Djeta Thernadier said:
			
		

> I be guilty as charged, matey. Sorry. *hangs head in shame and walks toward the plank*




You're fine, Djeta.     We don't mind having an influx of new posters, either.  Just no more newbie threads.  It would make me ever so happy.


----------



## JoeBlank (Sep 19, 2003)

Arr, enough with yer complainin, landlubber. A well-mannered cutthroat knows to introduce hisself afore he carves ya to bits.


----------



## Hand of Evil (Sep 19, 2003)

Avast me buckos, I see a ship to scuttle and she be named Nutkinland!  Ho-ho-ho!


----------



## Cyberzombie (Sep 19, 2003)

Scuttle all ye want, matey.  Just don't say "Hi, I'm a newbie!"


----------



## KidCthulhu (Sep 19, 2003)

But I want to be kicked in the junk and have my wallet taken.  Pretty please.  And I'm not even a newbie.  Just a lazy oldie who never comes around much anymore.


----------



## reapersaurus (Sep 19, 2003)

Arrhh!
Maybe NL should be re-thinkin' ye're habit o' makin' a big deal outta greetin' tha newbies 'fore ye be goin' over here and telling ENworld what ta do.

Tha' only reason newbies be postin wit' a big "HELLO - I'm a N00B" is cause that's what they read others did *on your boards.*
They assumed that's what they should be doin', naturally.

I say you should be dealin' wit' it on yer own boards, matey.


----------



## Djeta Thernadier (Sep 20, 2003)

Hey CyberZombie, I'm not going to be posting to NKL anymore. Can you somehow get rid of my account?

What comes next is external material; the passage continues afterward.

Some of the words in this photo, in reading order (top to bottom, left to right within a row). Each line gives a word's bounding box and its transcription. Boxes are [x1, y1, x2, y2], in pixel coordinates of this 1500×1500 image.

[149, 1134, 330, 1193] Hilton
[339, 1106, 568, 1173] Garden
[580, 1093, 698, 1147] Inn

EDIT : For Pete's sake people. I asked CZ this here because I figured CZ was online and checking and I figured it would be a quick way to contact CZ and really not that big of a deal. I was not trying to be overly dramatic so please stop jumping to conclusions. When I leave a message board or forum for whatever reason I just don't like to have an account open there, since it *can* lead to more spam. I probably should have waited until I signed into my email but I didn't. *shrugs* I really did not think that it was that big of a deal. 

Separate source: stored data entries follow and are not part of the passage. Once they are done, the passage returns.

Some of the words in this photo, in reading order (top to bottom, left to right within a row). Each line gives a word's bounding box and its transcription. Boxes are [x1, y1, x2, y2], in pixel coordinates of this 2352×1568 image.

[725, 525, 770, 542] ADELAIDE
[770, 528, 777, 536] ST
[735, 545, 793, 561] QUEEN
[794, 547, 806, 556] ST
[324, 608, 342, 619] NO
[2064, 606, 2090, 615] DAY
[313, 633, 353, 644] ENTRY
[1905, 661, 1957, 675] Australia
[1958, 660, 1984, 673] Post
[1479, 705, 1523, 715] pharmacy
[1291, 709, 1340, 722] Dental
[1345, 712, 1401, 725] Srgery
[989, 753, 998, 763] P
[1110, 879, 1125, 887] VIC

This whole situation is really just silly and it's a shame it got dragged over here at all.


----------



## Gnome Berzerker (Sep 20, 2003)

Does this make anybody else want to go there and post "Hi I'm a newbie" thread?

If you allow it for one poster, you should allow it for all of them.  Regardless of how many newbies show up.


----------



## Mirth (Sep 20, 2003)

Well, I posted a n00b thread there before I saw this request. But honestly I'd do it again. 

Can I ask why you're dropping out, Djeta?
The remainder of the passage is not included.